Our analysis had several limitations. First, low prevalence led to unstable estimates for many subpopulations, including NH whites and MSM. Second, syphilis treponemal seroreactivity indicates infection at any time over a lifetime, and so these estimates do not shed light on new or untreated syphilis infections in recent years. Categorization as “recent” or “remote” infection using RPR titer will undoubtedly result in misclassification, and the number of infections we identified with RPR titers ≥1:8 was too small to make reliable estimates. Third, no information about a reported history of diagnosed or treated syphilis was available; thus, we could not determine the extent of undiagnosed syphilis infections in the United States. Finally, the previous assessment of national syphilis seroprevalence, from NHANES II (1976–1980),3 involved a nontreponemal-based screening algorithm using 3 different tests from those used in the current assessment, including the automated reagin test, which has not been available as a nontreponemal screening test for years.25,26 Because of this, and the fact that race/ethnicity was categorized differently in NHANES II, we felt we could not accurately evaluate trends in syphilis seroreactivity over time.
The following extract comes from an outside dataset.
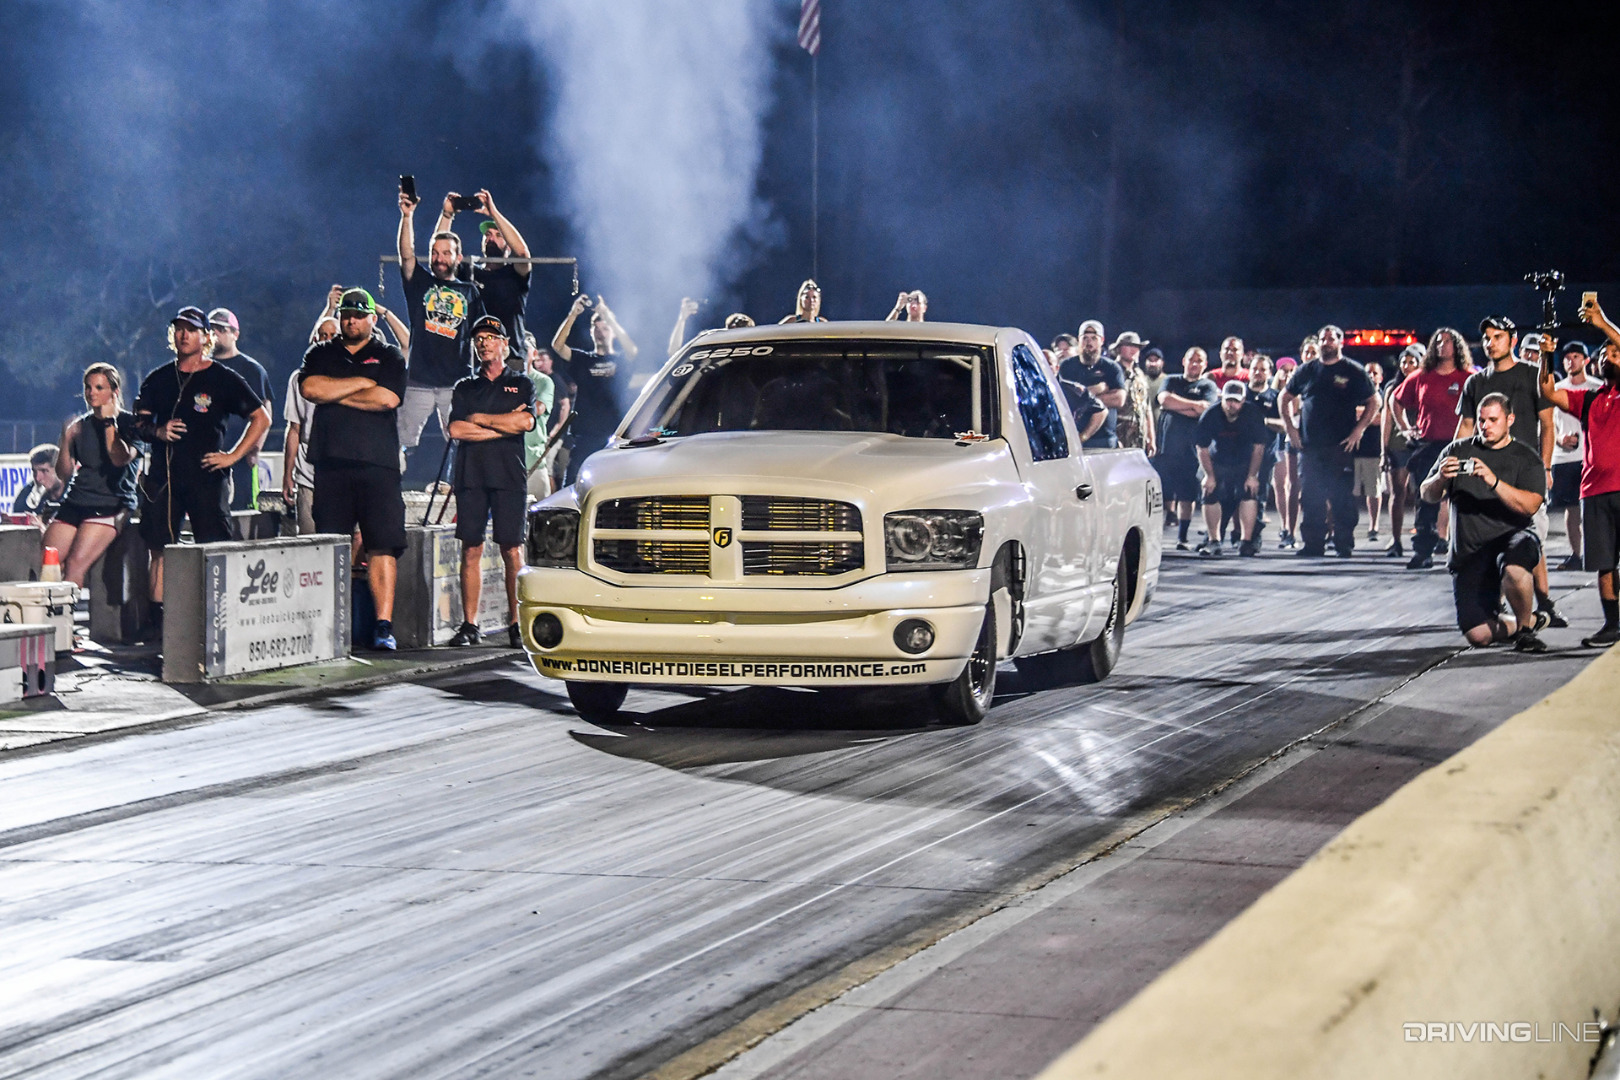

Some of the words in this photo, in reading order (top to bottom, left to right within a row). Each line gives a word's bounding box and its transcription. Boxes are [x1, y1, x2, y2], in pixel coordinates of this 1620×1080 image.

In conclusion, we found a low prevalence of lifetime syphilis infection in the general population of US 18- to 49-year-olds. However, consistent with surveillance findings, these nationally representative data underscore the disproportionate impact of syphilis on NH blacks in the United States. Although the racial gap in syphilis infections has narrowed substantially since the 1990s,4 continued efforts to minimize these racial disparities remain a major national priority.2 Future efforts will also need to address the burgeoning epidemic of syphilis among MSM.